An interesting fact was discovered: NPS is falling over time! So the revenue grows and loyalty falls.
The less is the loyalty of users - the less they pay? In order to increase the revenue, do you need to reduce loyalty? Of course, it’s not so.
And then what? Let's investigate.
If we detail NPS by segments of users depending on their lifecycle in the game, we'll see: the survey is primarily taken by newcomers, and most of them don't even have an idea of paying yet. At this time, payments are made by the other players, a long-established base of active users, who express their loyalty not by giving a "ten" in the survey, but by money - the best of all awards.

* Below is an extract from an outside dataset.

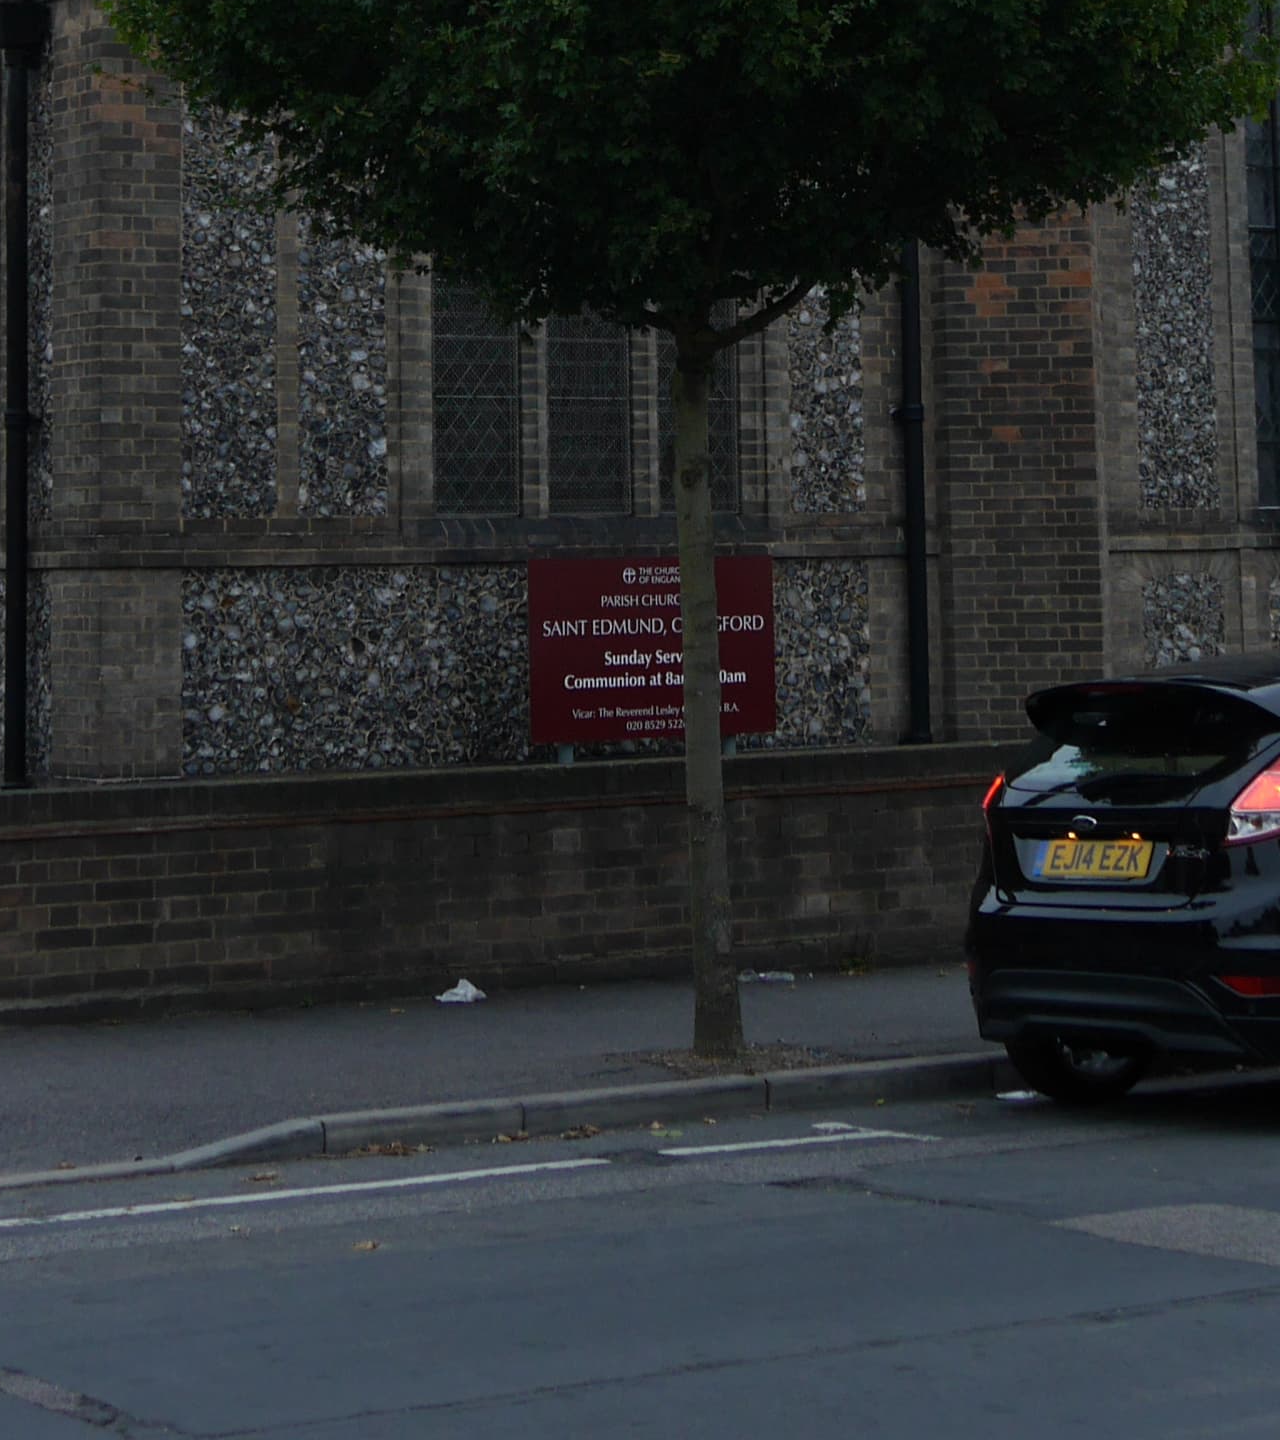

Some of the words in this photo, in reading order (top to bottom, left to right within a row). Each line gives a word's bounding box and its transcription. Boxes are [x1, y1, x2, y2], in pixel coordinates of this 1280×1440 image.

So instead of making a false conclusion about the causal relationship between NPS and money, it's better to figure out why newcomers lose their loyalty month by month. Perhaps you will find the reasons for the low loyalty of new users, and by eliminating them, increase your user base and, as a result, the money.
In a sense, the fact that the correlation doesn't imply causation explains why we have not been replaced by the robots yet. Have a good head on your shoulders!
And in an idle moment, you may play a game “Guess the Correlation”.